The rationale for the workshop, which has become an annual event of the FDA, was to ensure the credibility of clinical research, the protection of human subjects and the desirable roles of stakeholders on clinical trials.

About 30 participants across the country attended the workshop.

Mrs Delese Darko, Acting Deputy Chief Executive, Clinical Trials and Safety Monitoring Division, FDA, told the media that the training was necessary because regulation is dynamic, and there is therefore the need to bring Ghanaian research pharmacists abreast of new trends.

She said when research pharmacists are involved form the beginning of drug manufacturing, they become responsible for the safety and efficacy of the medicines.

The WHO Guidelines for GCP for trials on pharmaceutical products is to set globally applicable standards for the conduct of such biomedical research on human subjects.

They are based on provisions already promulgated in developed countries including Australia, Canada, European countries, Japan, Nordic countries- Denmark, Finland, Iceland, Norway and Sweden and the United States.

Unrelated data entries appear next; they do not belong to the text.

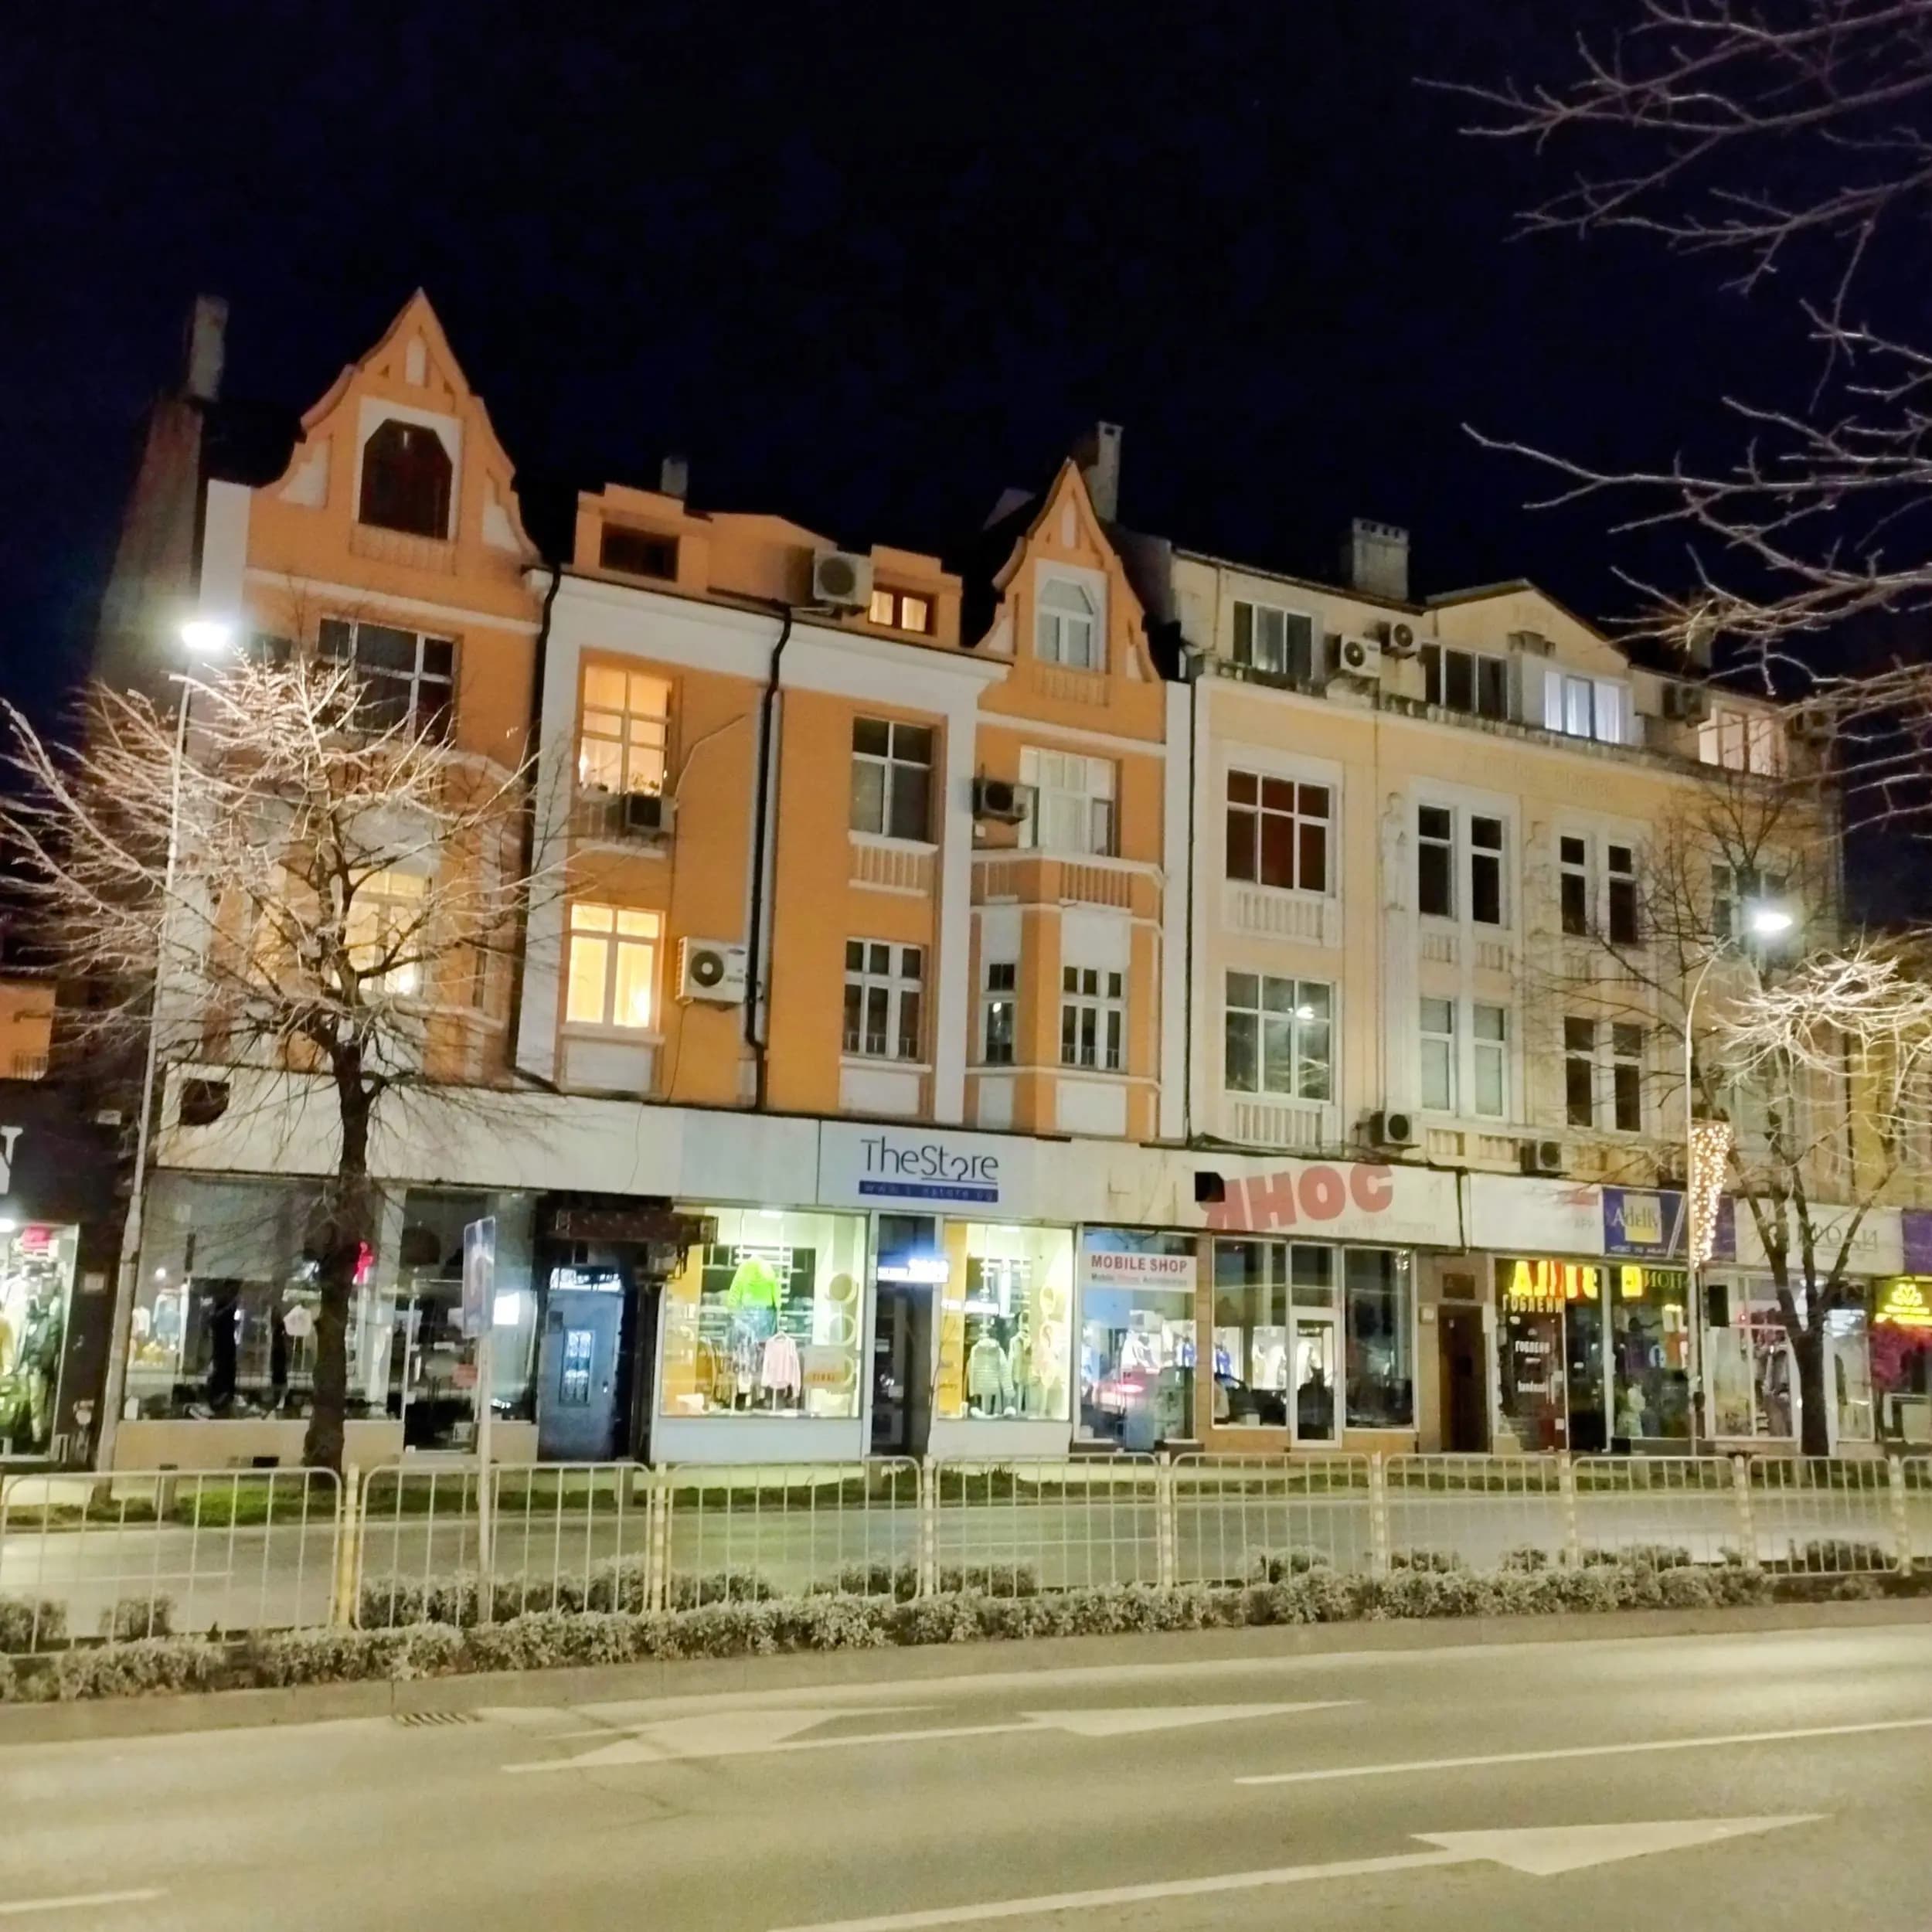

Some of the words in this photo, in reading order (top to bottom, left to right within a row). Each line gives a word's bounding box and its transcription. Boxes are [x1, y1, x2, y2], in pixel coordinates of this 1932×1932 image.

[860, 1135, 999, 1182] TheStore
[1091, 1254, 1146, 1270] MOBILE
[1149, 1258, 1188, 1273] SHOP
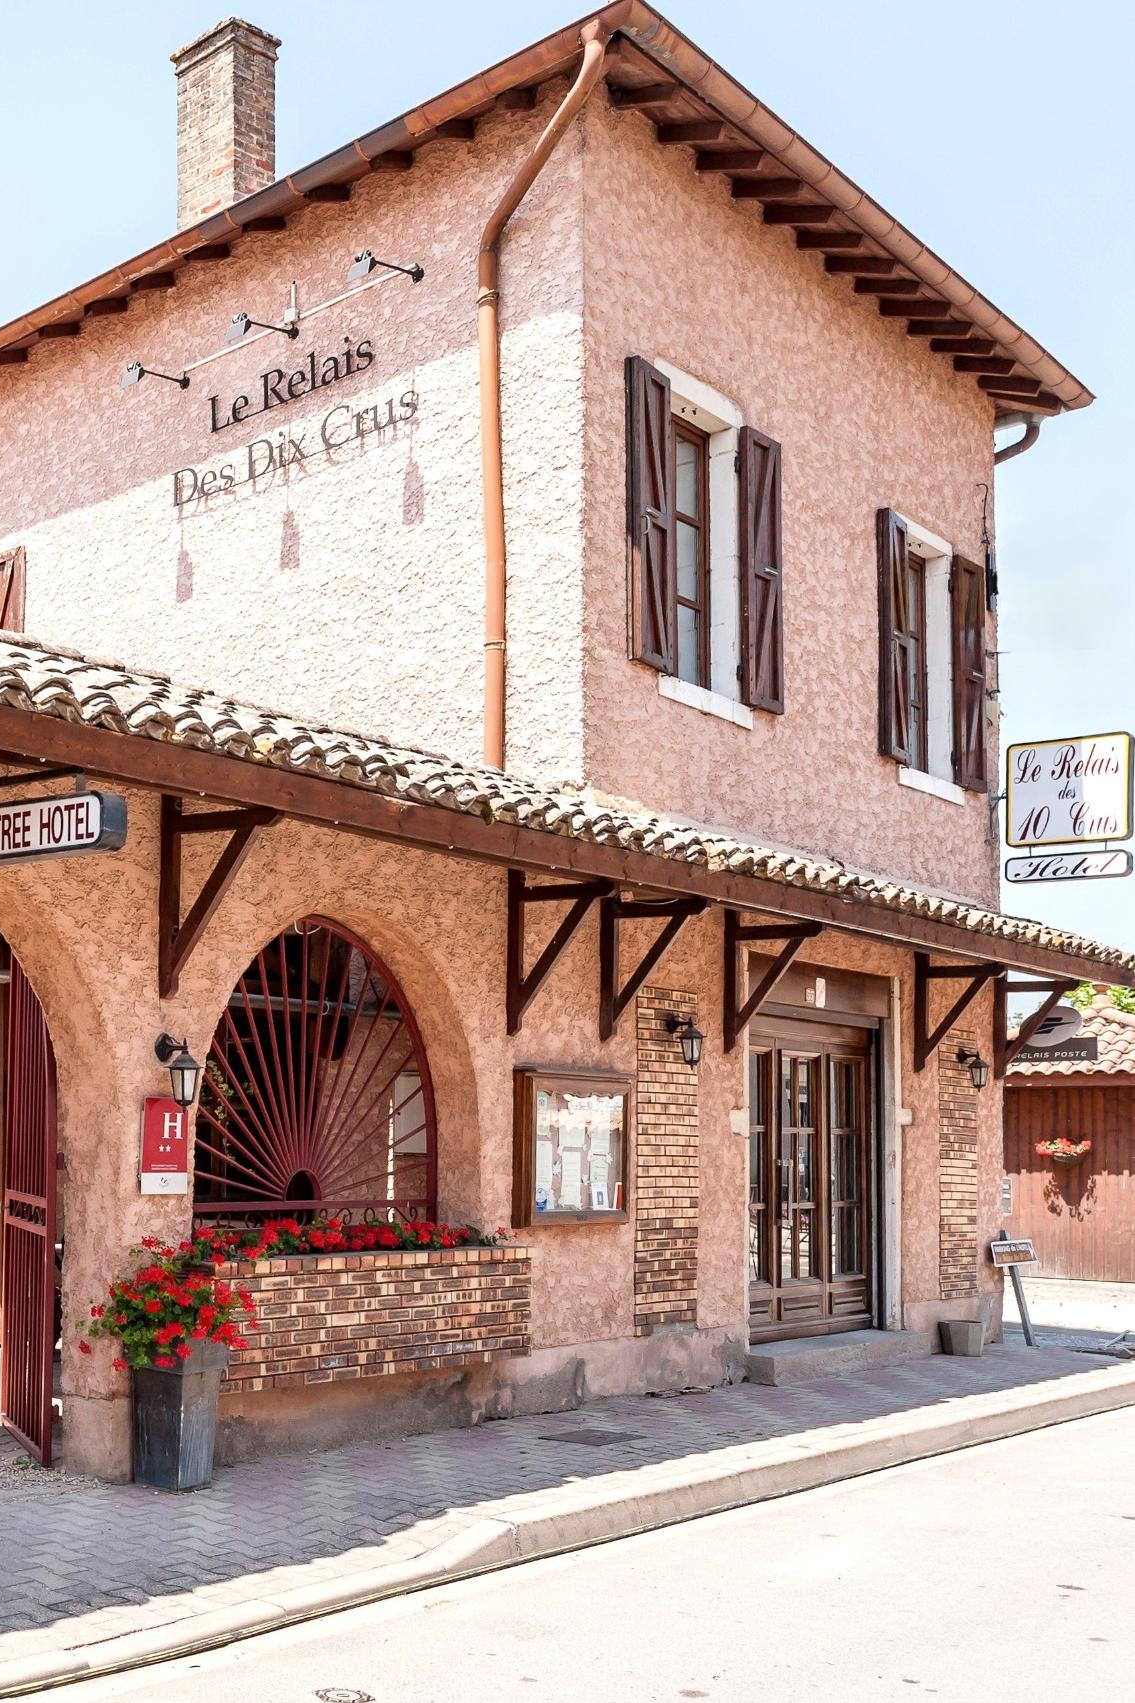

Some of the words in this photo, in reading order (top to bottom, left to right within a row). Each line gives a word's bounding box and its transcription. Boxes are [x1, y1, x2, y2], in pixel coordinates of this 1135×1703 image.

[208, 394, 249, 433] Le
[260, 336, 374, 410] Relais
[172, 464, 235, 507] Des
[246, 431, 307, 481] Dix
[320, 390, 419, 450] Crus
[1014, 749, 1041, 784] Le
[1051, 744, 1119, 780] Relais
[1058, 780, 1076, 800] des
[39, 802, 95, 846] HOTEL
[1018, 806, 1050, 841] 10
[1069, 801, 1118, 836] Crus
[1014, 853, 1120, 879] Hotel
[1054, 1050, 1088, 1058] POSTE
[161, 1112, 184, 1139] H

These guidelines inevitably vary somewhat in content and emphasis, but all are in consonant with regards to the prerequisites to be satisfied, and the principles to be applied as a basis for assuring the ethical and scientific integrity of clinical trials.

The guidelines are intended specifically to be applied during all stages of drug development, both prior to and subsequent to product registration and marketing, but they are also applicable, in whole or in part, to biomedical research in general.